インターネット・バンキング手数料(ジャパンネット銀行)

日経新聞(131221日号)によれば、ネット専業銀行のジャパンネット(以下JNBと略称)は、口座維持手数料を月額1050円から105円に値下げするとのことです。来年3月末までは無料ですが、4月以降は預金額30万円、直近3ケ月の振込額30万円、ローン残高5万円の条件のいずれかに該当しない顧客は口座維持手数料を支払う必要がありました。手数料分の残高のない口座はJNBが解約できる約款です。

JNBの預金者は44万人と言われています。

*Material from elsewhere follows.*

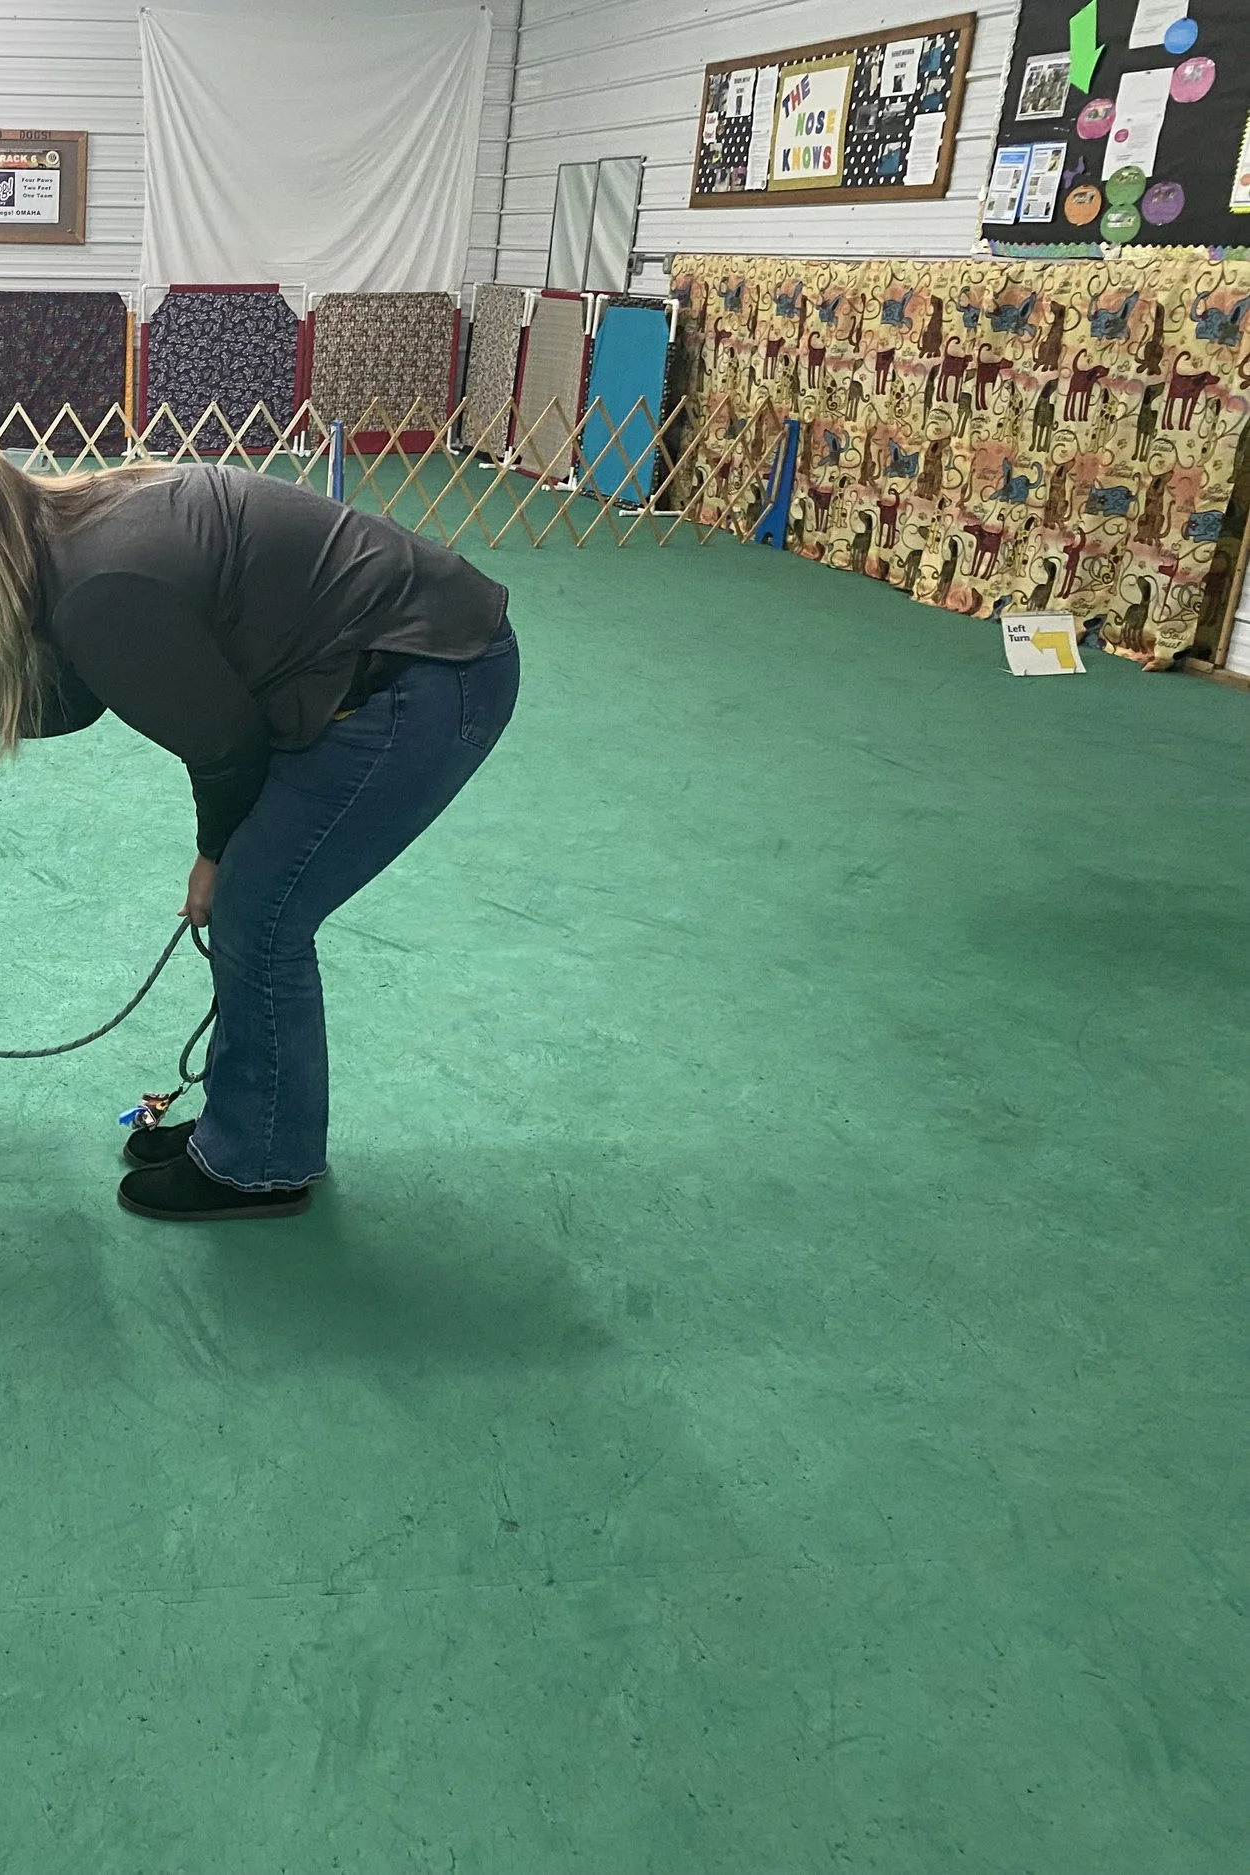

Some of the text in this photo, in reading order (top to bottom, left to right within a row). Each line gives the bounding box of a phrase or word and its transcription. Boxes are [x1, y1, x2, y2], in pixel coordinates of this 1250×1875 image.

当社のインターネット・バンキング顧客満足度調査によれば、約43%の顧客は、Yahooを始めとした提携ポータルの推奨で口座開設しています。平均しますと、一顧客は月に3回程度のバンキング・サービスを利用しています。その60%程度が振込です。つまり、オークションの精算用に使っている訳です。オークションやネット通販の一件当たりの取引金額は一万円程度ですから、一般の銀行の振込手数料では高すぎます。JNBでは、同行内の場合が52円(iモードだと10円),他行向けでも3万円以上で262円、未満で168円と割安であることが魅力です。

JNBのインターネット・バンキングに対する利用者の評価は極めて高く、総合点ではシテイ銀行に次いで2位ですし、手続き、操作性、サービス時間、サービス内容、トラブル時の対応、セキュリテイ対応の全ての点で上位に位置しています。しかしながら17%近くの顧客が利用を中止するか、他の銀行のネットサービスに変更する意向を示しています。その理由が口座維持手数料です。利用者の中には、預金残高を30万円以上にすれば良いとの考えも一部にありますが、多くはより安いか無料の銀行にクリックアンドチェンジする予定でした。これがネットサービスの怖さです。

JNBにすれば、仮に20万の有料口座の手数料を1000円から100円に引き下げれば、月額2億円近い収入減となります。顧客数増加で補充しようとすれば、200万の新規獲得が必要となります。完全に薄利多売で、規模の経済追求型のビジネスモデルです。しかし、一度市場を寡占化すれば、その安定収入は大変魅力的になります。4000万人のインターネット利用者の内、30%前後はネットバンキングを利用するでしょう。その20%以上のシェアを握れば良いことになります。不可能ではありません。

当社の調査では、個人預金者が口座維持(インターネット・バンキング利用料)に払う金額は最大でも月300円という結果が出ています。ただし、現在大手行の殆どが無料です。振込手数料にしても、他行向けで100円から200円程度です。このコモデイテイ化したサービスをより安く便利に提供することにより単独でビジネスを成立させるのか、クロスセリングのモデルにするのかがポイントとなります。クロスセルと言いましても、認可事業である銀行は、他業禁止ですから広告収入や物販は出来ません。金融関連のビジネスで考えざるをえないのです。そこで新しい問題が出てきます。現在、ネット専業銀行の顧客の大半が若年層で、収入水準も極めて低いのが実情です。無担保ローンの対象とはなっても、資産運用などの販売対象ではありません。恐らく富裕層を抱えた銀行が、ネット専業銀行のコモデイテイ・サービスを利用しながら、クロスセル化を進めることになるでしょう。既存銀行としては、決済などのコモデイテイでも自主性を確保したいのであれば、共同で小口決済ネットワークを構築して、無料或いは極めて安い料金でネット顧客に開放せざるをえなくなるでしょう。その時は、都銀・地銀といった業態別ではなく、郵便貯金、証券、保険を含めたオープンなネットワークにしないと意味がありません。